Passing Your PT Test ... for Life! (Sept 2011)
By Lt. Sarah Morris, 138th FW/HC
/ Published October 04, 2011
Oklahoma Air National Guard, Tulsa OK -- With the annual PT test coming up, some of us are dusting off our running shoes to go hit the track a couple times a week and to crank out sit ups and pushups so we can pass our PT test. Some of us pant, moan, and groan that we have to actually do PT or run. I'm sure you've heard the wise cracks and jokes about it... "The only time I run is when someone's chasing me." "The only curls I do are 12 ounce ones." I'm sure you've heard these and others. Instead of pushing your timeline too close to be ready for the PT test, why not stay ready?
We talk about mission readiness and preparedness in the military. It will be easier if we stay ready and prepared in our lives even when it comes to physical fitness.
I was always overweight growing up. In 2006, I reached my max of nearly 220lbs with a 42 inch waist. It took a wakeup call for me to change my life... and it all started with baby steps. Five years, fifty-five pounds and ten inches later, I have made this a lifestyle change. I eat small frequent meals. I lift in the gym and get my cardio through sports, soccer and running. Exercise and good nutrition has literally changed the quality of my life. I now enjoy playing co-ed soccer for the Tulsa Air National Guard soccer team. One day a week I have a splurge day and it's a lifestyle I enjoy. I enjoy the lifestyle change so much that I am working on my certification in personal training. I have learned small things to do that have helped me and many others in preparation to excel at physical events.
Here's a life idea- why not start taking baby steps towards physical fitness today? Rather than deciding to hit the gym a couple months or even a couple weeks before your annual PT exam, make it a weekly event. In your schedule, pen in a time to work out several times a week. Make it realistic. It has to be do-able for you to stick with it and do well. Find a timeframe that works and commit to following through. You will find that consistency is critical to success. Over time it will become a habit, like brushing your teeth or putting on your shoes every day. Realize that it is about baby steps, about progress and not perfection. This should not be a 12 week stint to your target weight and stop there. Make this a positive change that will last a lifetime.

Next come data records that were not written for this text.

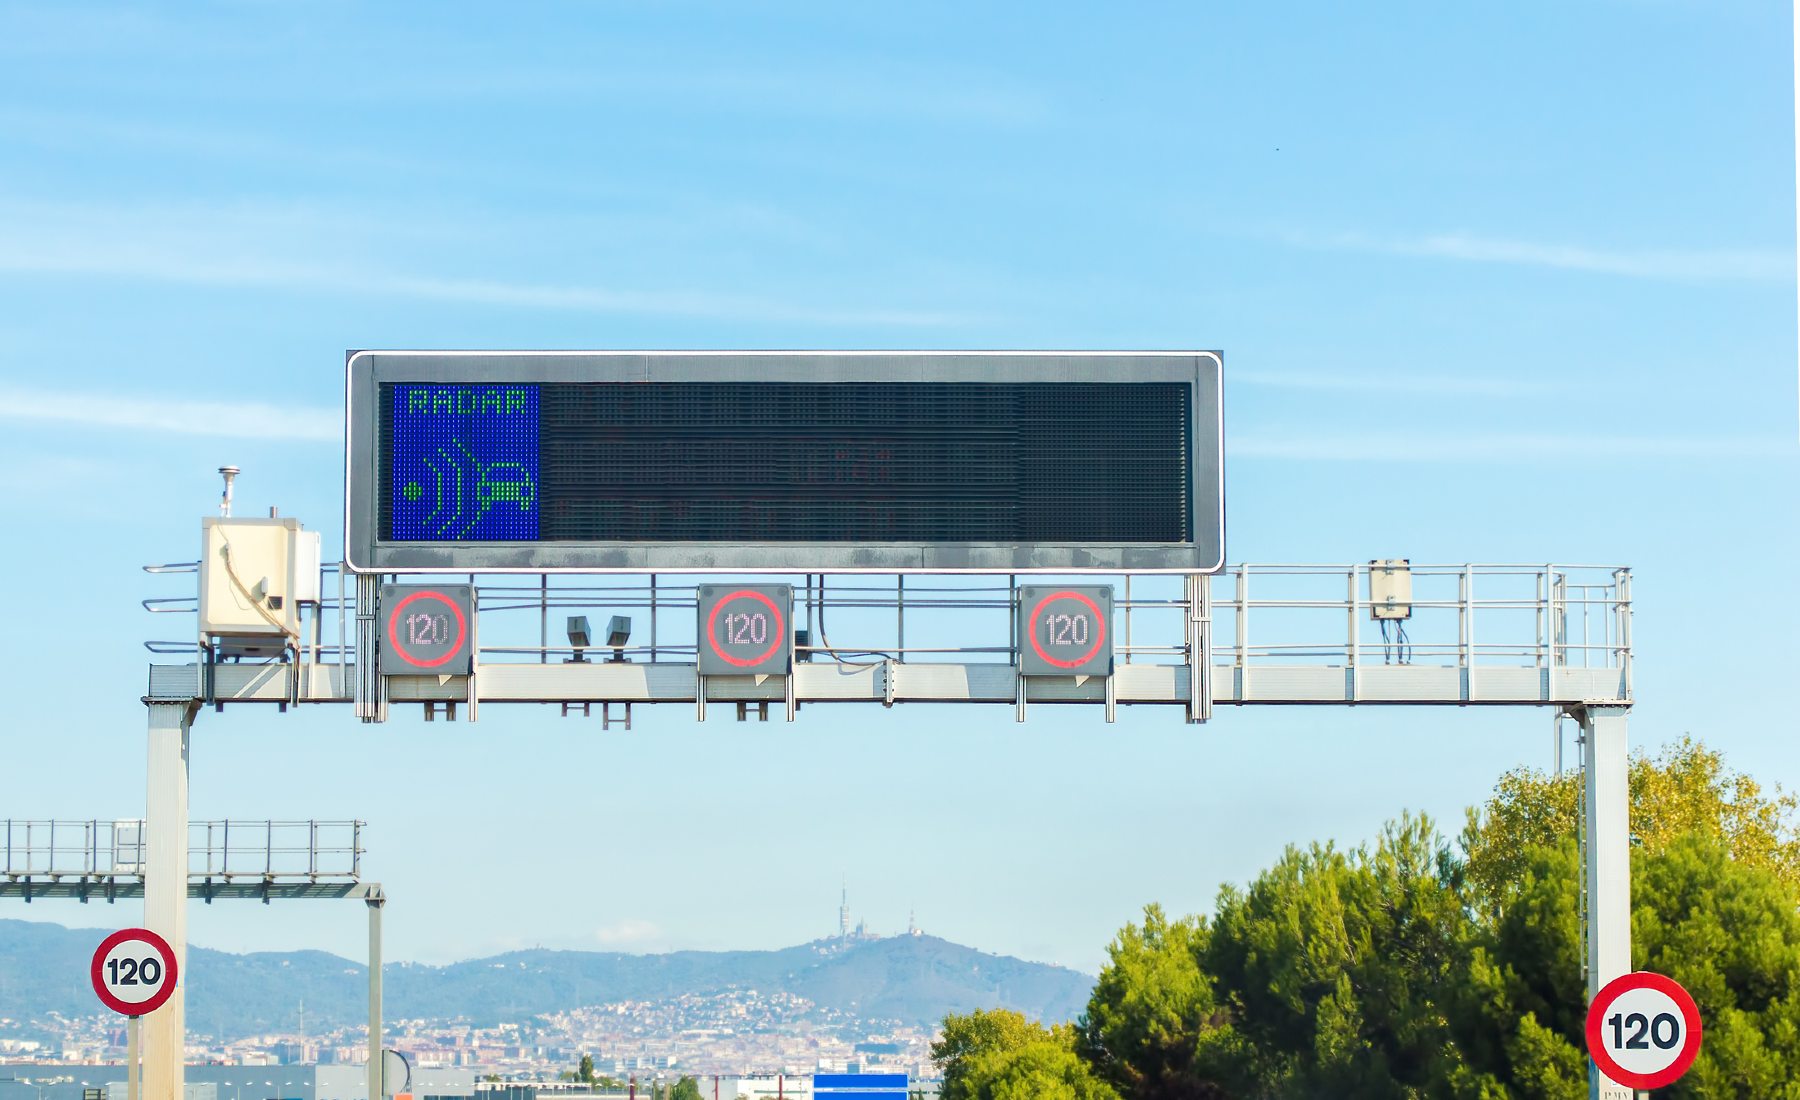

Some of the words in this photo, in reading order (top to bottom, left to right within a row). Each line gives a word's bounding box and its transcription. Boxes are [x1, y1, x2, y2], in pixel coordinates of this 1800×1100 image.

[409, 389, 525, 414] RADAR
[406, 614, 448, 645] 120
[725, 613, 767, 644] 120
[1046, 614, 1088, 645] 120
[107, 957, 161, 985] 120
[1608, 1012, 1680, 1050] 120
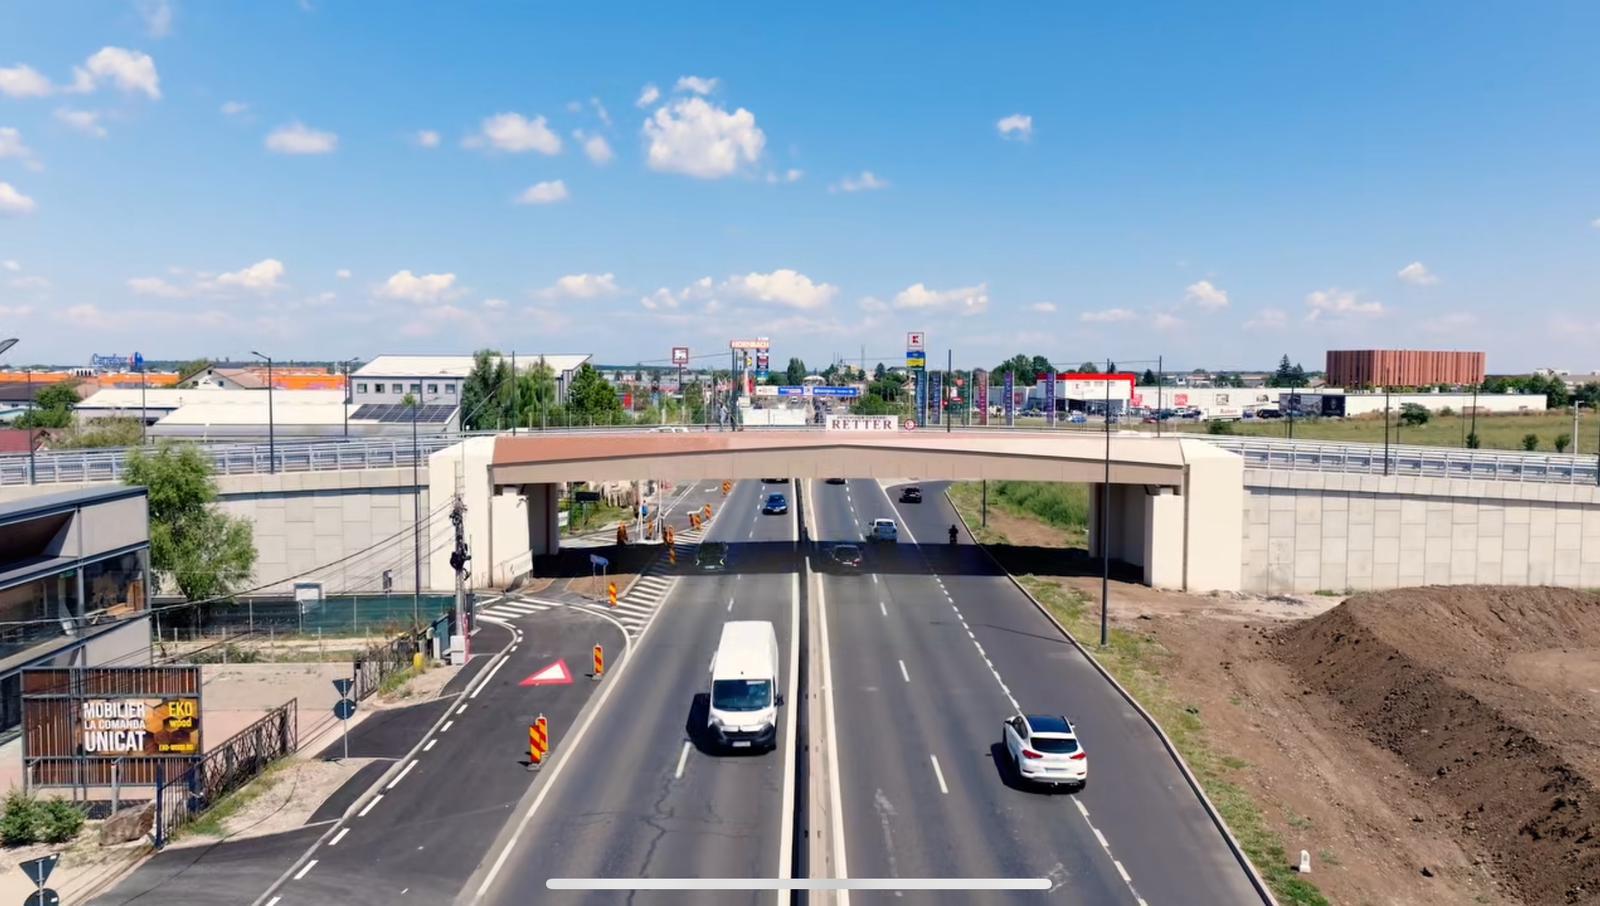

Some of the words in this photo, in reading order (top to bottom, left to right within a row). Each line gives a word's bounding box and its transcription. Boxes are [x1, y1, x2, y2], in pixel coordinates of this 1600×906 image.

[832, 419, 892, 429] RETTER
[83, 702, 146, 718] MOBILIER
[168, 702, 193, 716] EKO
[84, 720, 96, 729] LA
[98, 719, 146, 729] COMANDA
[169, 717, 192, 728] wood
[84, 731, 146, 752] UNICAT
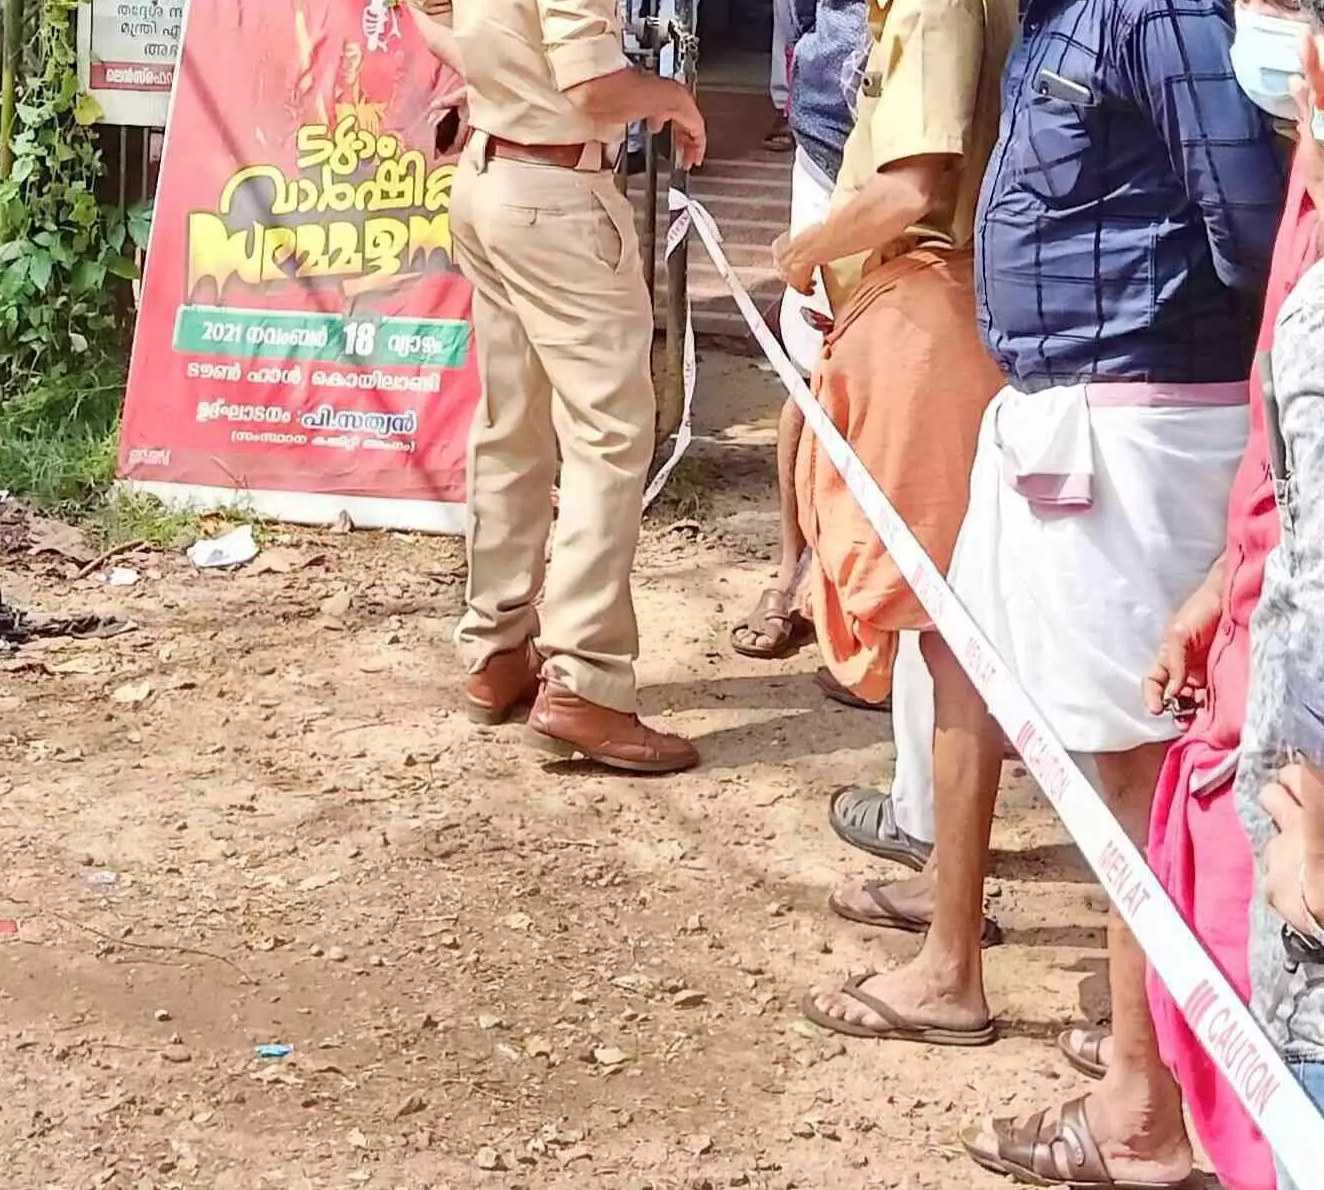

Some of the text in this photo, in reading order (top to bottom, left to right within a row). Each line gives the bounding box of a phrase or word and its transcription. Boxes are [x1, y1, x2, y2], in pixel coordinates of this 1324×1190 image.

[202, 321, 241, 343] 2021
[246, 323, 328, 348] നവംബർ
[342, 321, 376, 356] 18
[311, 370, 441, 393] കൊയിലാണ്ടി
[1099, 840, 1151, 917] MEN AT
[1208, 1006, 1281, 1116] CAUTION

We may be good with keeping our time and word at work and with individuals, but do we honor self promises? We will be most effective in our lives and in the lives of others when we take care of ourselves. In chaplaincy this is known as 'self care.'
It is easier to maintain your physical fitness and health rather than to have to find yourself ten or thirty pounds overweight and have to scramble to get yourself in shape for the 'big day.' Don't wait until the doctor diagnose you with diabetes or high blood pressure, or find that you have pain in your chest that scares you into realizing you need to develop a healthy lifestyle.
In an interview with CMSgt of the Air Force James Roy, he explained the new fitness standards will affect more than just the fitness of the Air Force... "Mission readiness- this is the reason we do this... got to make sure our airman are absolutely ready, fit to fight."